All for now. I'm off to shove something bristly up my nose and into my sinuses.

Stupid cold....

So I managed to get through the entire winter without getting sick, and now I have a cold. Stupid germs. I hate them so much....

Anyway, as promised yesterday, I've put a bunch of photos from my family's outing to the Tifft Nature Preserve up at the Flickr photostream. That is one nifty place, folks -- all Buffalonians should check it out.

Sunday, May 07, 2006

A rare display of Rampant Purism

I'm not much of a purist about anything, but I have to say that it really annoys me that Gatorade has a commercial airing right now that has an instrumental of "Take Me Out To The Ballgame" accompanying footage of soccer.

(I've got to admit that I pretty much find soccer to be about as interesting to watch as the air-drying of oil-based paints. I don't care if the rest of the world is gaga over it; every time I've watched it, I've come away thinking, "How can everybody else be so into this?" I mean, so far as I can tell, The Simpsons pretty much nailed what soccer's like.)

Sunday Burst of Weirdness

Mr. Sun has composed several rounds of poetry on the theme of...his allergies. Round One, round two, and round three.

Okily-dokily.

Perspective, again

I only read Snopes.com about once a month these days, as that's about as often as I need to do so in order to catch up with them. (Not that this is a complaint about Snopes.com; just a statement of how I read them.) So yesterday I was reading along, and I found this item. Putting it succinctly, it turns out that as of at least a short time ago, the grave of Casey Sheehan -- the son of now-famous anti-war activist Cindy Sheehan -- was unmarked, even though Casey Sheehan has been dead for quite some time now. And yes, lots of folks are trumpeting this as some sort of indictment of Cindy Sheehan.

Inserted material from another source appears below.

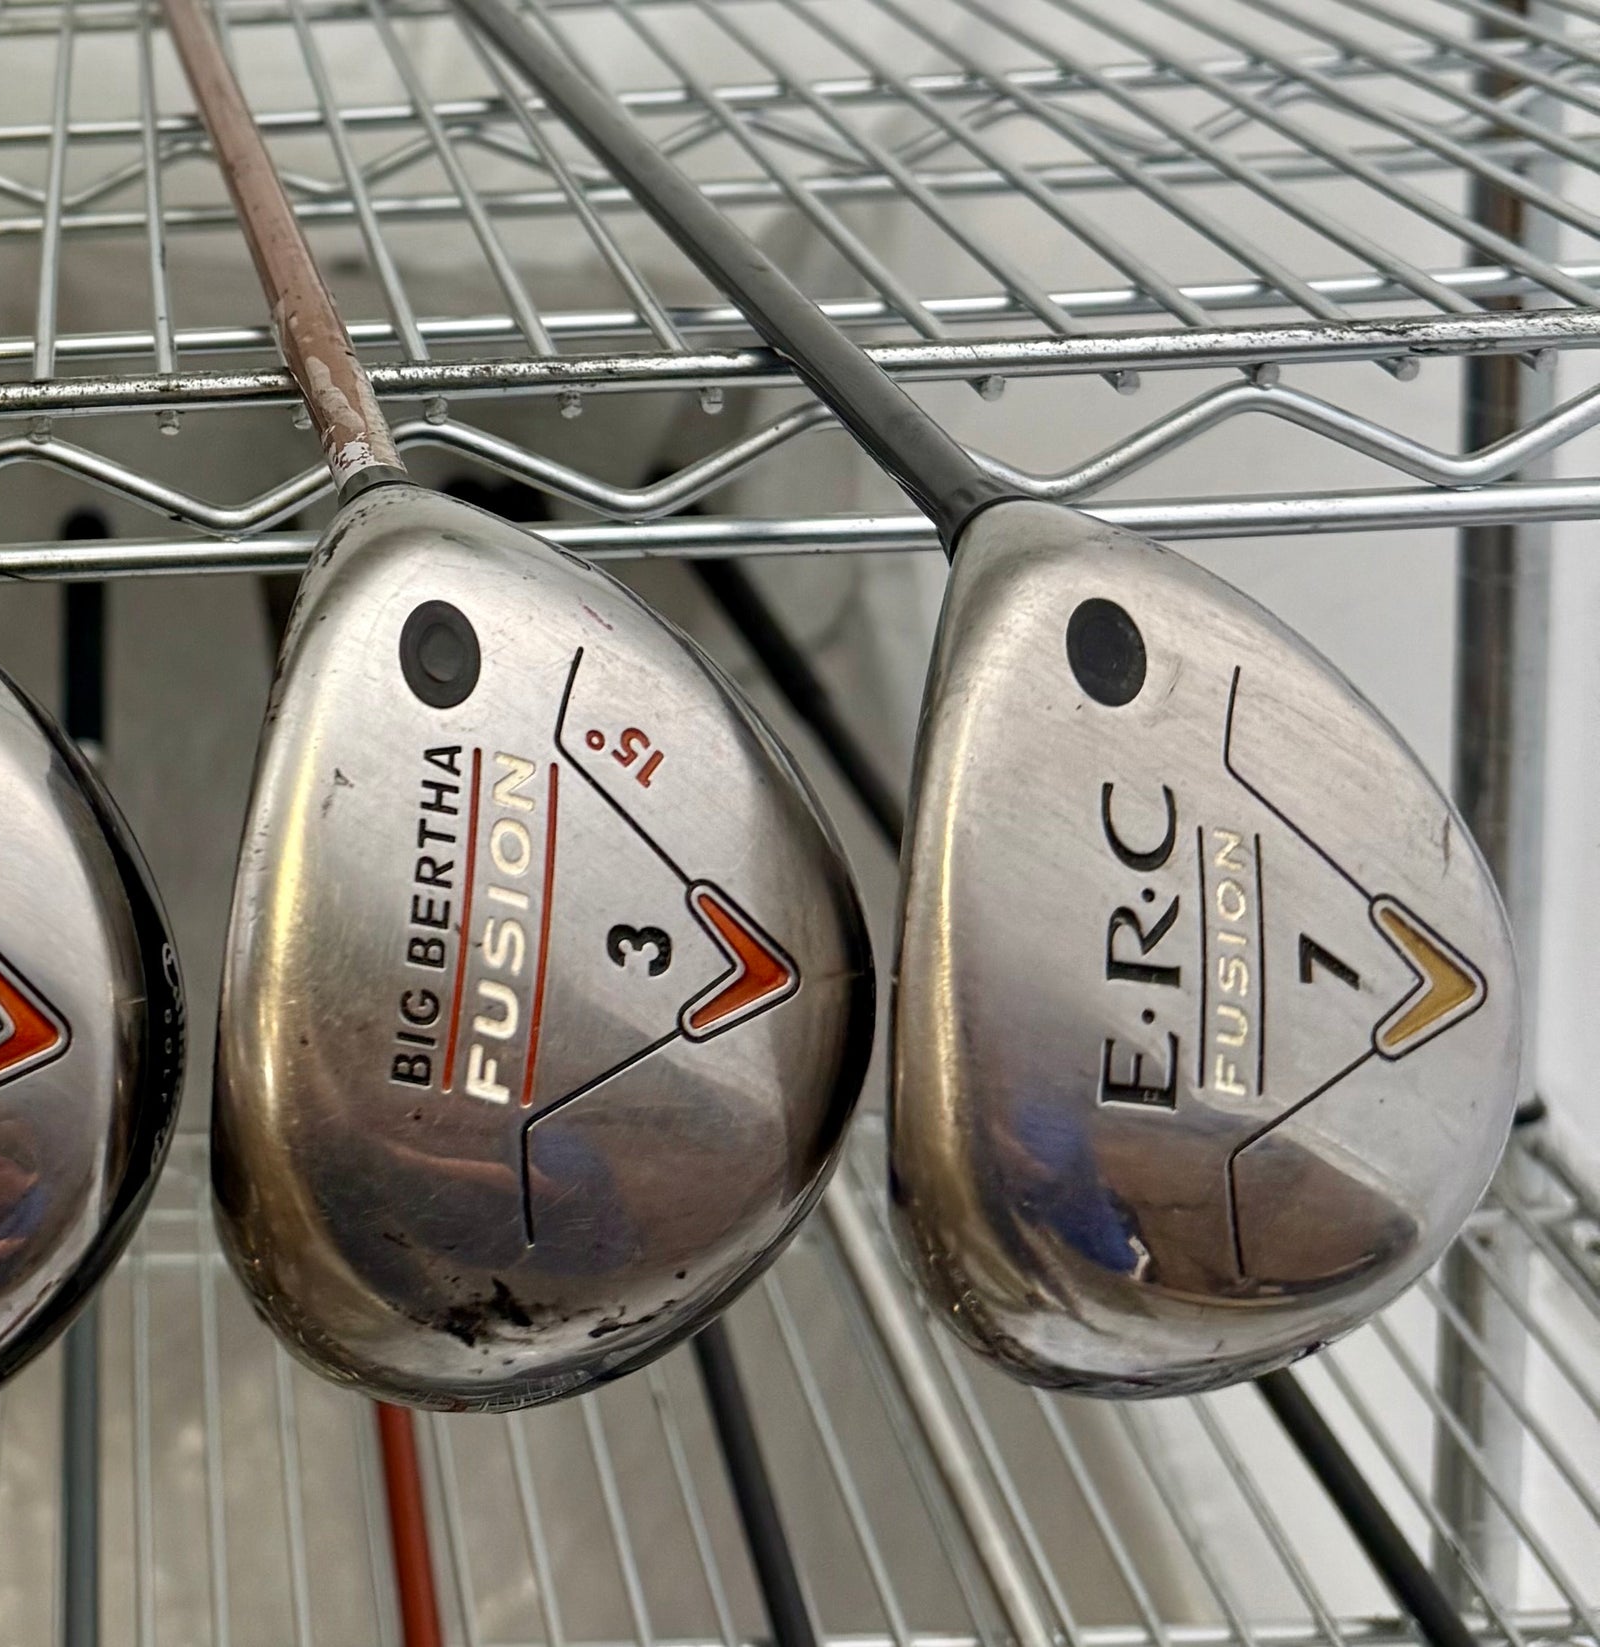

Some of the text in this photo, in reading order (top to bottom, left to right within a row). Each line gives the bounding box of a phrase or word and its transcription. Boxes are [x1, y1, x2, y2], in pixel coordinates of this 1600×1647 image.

Well, I'm not the biggest fan of Cindy Sheehan around, but let me say this: if you're going to tag her as a bad mother or bad person because she hasn't put a stone on her son's grave, then you'd best tag me as well, for the exact same reason.

There is no stone yet on Little Quinn's grave. Sure, a stone is expensive, but we could come up with the money if we considered it to be an essential thing right now, and frankly, it's just not that big a priority with us. We know where he is, and more importantly, we know where he isn't. The carved stone is just window dressing. It is, by far, the least important part of the whole death thing, and the lack of a stone on Casey Sheehan's grave says far less about Cindy Sheehan than the trumpeting of that lack of a stone says about those who would demonize her for any reason they can find.

Perspective, folks

Longtime readers will know that I was a big fan of Barry Bonds up until it pretty much became unquestionable, probably about a year ago, that he had taken steroids. Sure, there was suspicion, but the weight of testimonial evidence didn't really become conclusive until then. It took me a long time to give up on the guy, even if I eventually did. He used illicit substances to get more out of his body than his body was capable of producing and then lied and stonewalled about it. That the guy is a premier sports villain now is, I think, beyond dispute.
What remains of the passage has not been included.